**What to work on:** Every entry is to be reproduced word for word, but the images are not.

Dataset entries
****
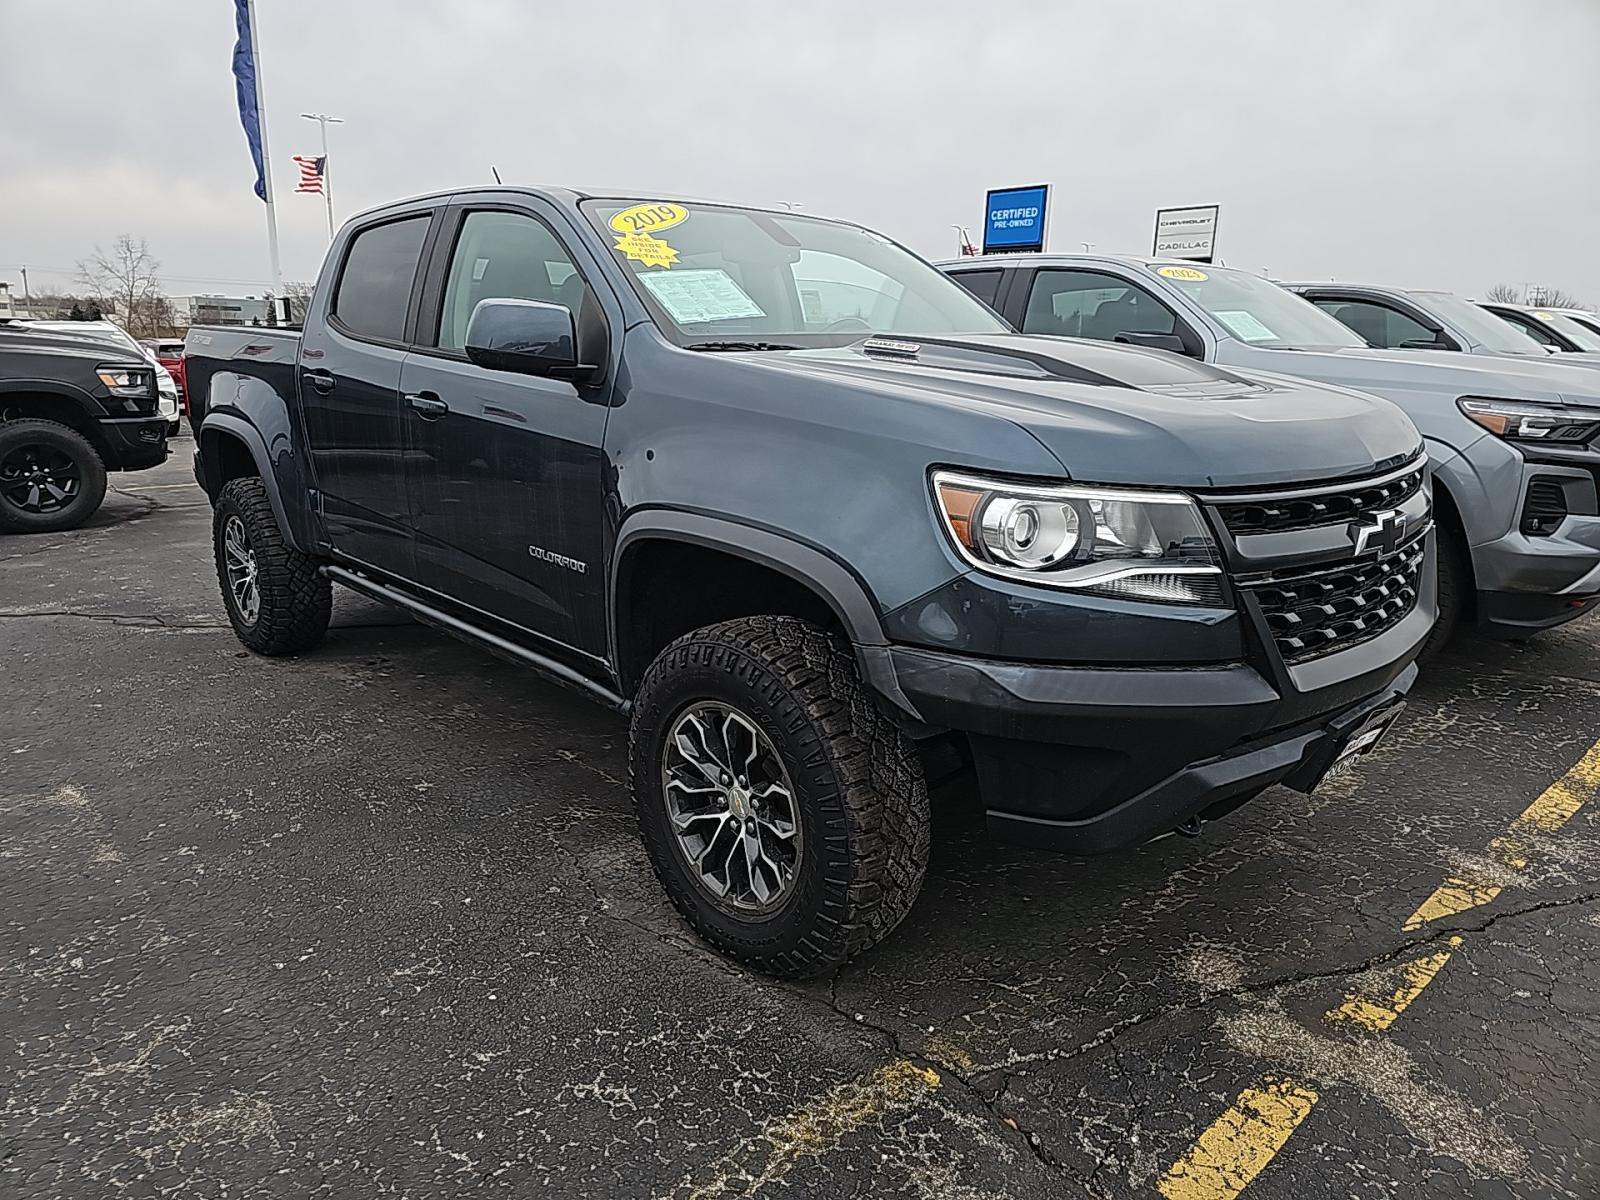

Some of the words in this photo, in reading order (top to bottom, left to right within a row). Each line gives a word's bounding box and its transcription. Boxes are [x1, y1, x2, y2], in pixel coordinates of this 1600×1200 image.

[623, 206, 676, 230] 2019
[991, 207, 1038, 220] CERTIFIED
[994, 219, 1034, 229] PRE-OWNED
[1160, 218, 1211, 226] CHEVROLET
[1158, 241, 1209, 251] CADILLAC
[528, 545, 586, 574] COLORADO
****
**Written response:**
Some of the words in this photo, in reading order (top to bottom, left to right within a row). Each line gives a word's bounding box and its transcription. Boxes are [x1, y1, x2, y2], in pixel coordinates of this 1600×1200 image.

[623, 206, 676, 230] 2019
[991, 207, 1038, 220] CERTIFIED
[994, 219, 1034, 229] PRE-OWNED
[1160, 218, 1211, 226] CHEVROLET
[1158, 241, 1209, 251] CADILLAC
[528, 545, 586, 574] COLORADO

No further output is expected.